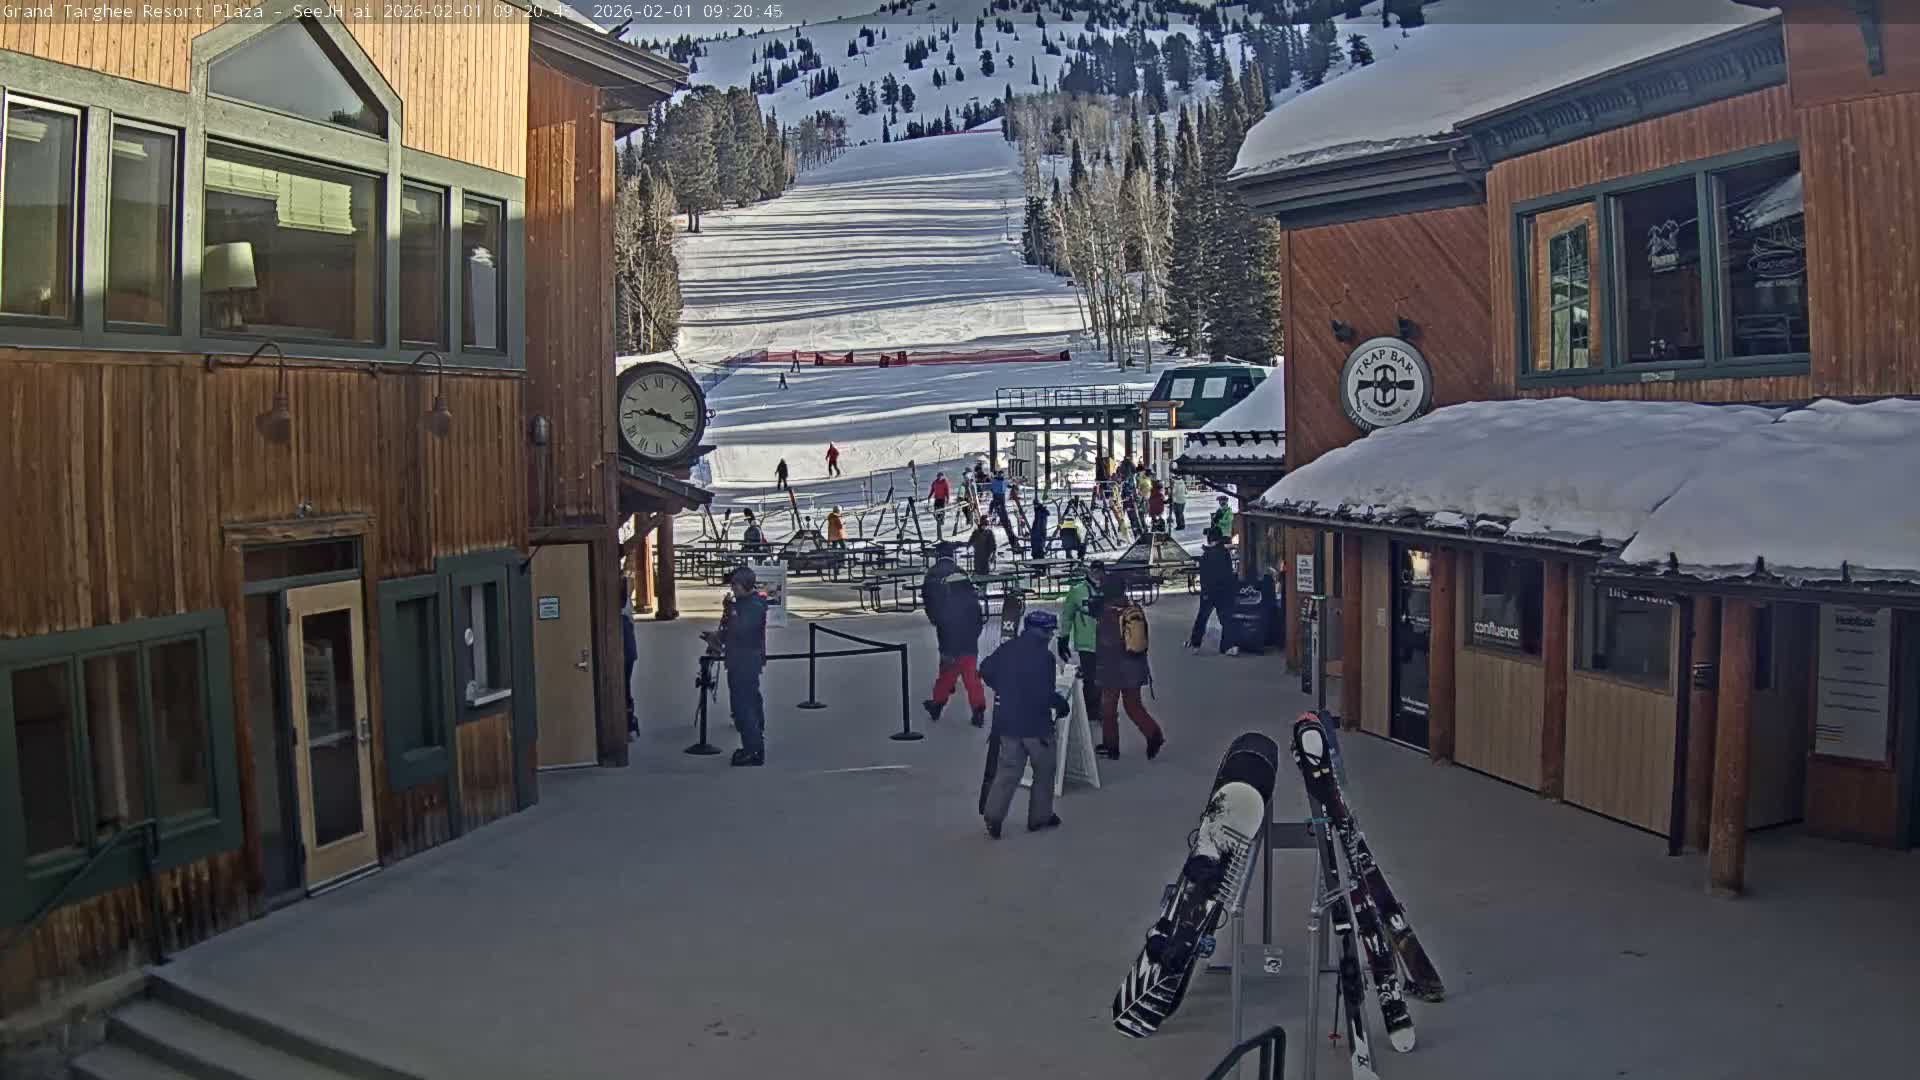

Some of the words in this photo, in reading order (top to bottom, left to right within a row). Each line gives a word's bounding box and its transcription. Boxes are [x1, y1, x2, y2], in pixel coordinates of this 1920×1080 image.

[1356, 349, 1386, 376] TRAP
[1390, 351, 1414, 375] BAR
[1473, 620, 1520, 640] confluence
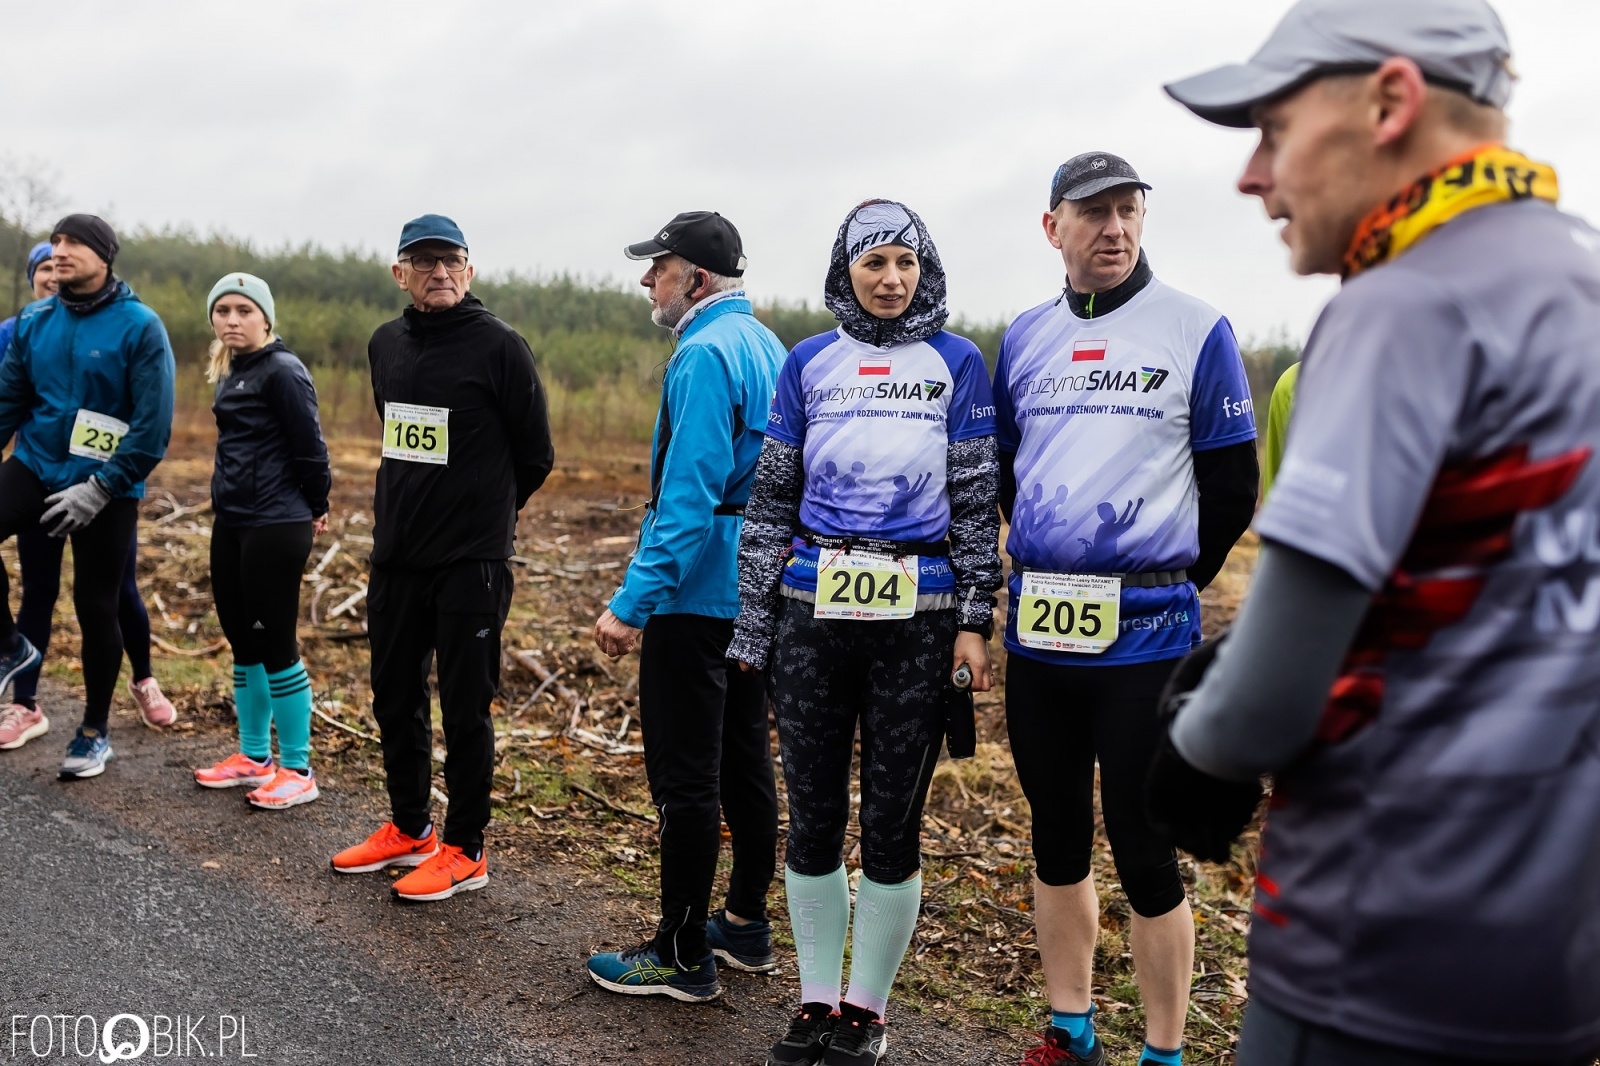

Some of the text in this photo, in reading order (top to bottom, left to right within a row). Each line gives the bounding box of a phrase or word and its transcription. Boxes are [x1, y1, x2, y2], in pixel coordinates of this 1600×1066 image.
..........
• Problem to solve
Transcribe all data precisely. Pictures are not copied.

• Answer for this exercise
Some of the words in this photo, in reading order (top to bottom, left to right within a row). Each line gives a word's bounding box and its transcription. Boxes are [x1, y1, x2, y2], in pixel coordinates of this 1920×1080 image.

[1356, 349, 1386, 376] TRAP
[1390, 351, 1414, 375] BAR
[1473, 620, 1520, 640] confluence

Some of the text in this photo, in reading order (top to bottom, left to right within a row). Each line gives the bounding box of a phrase or word and its transcription. Boxes are [x1, y1, x2, y2], in pixel coordinates of this 1600×1066 image.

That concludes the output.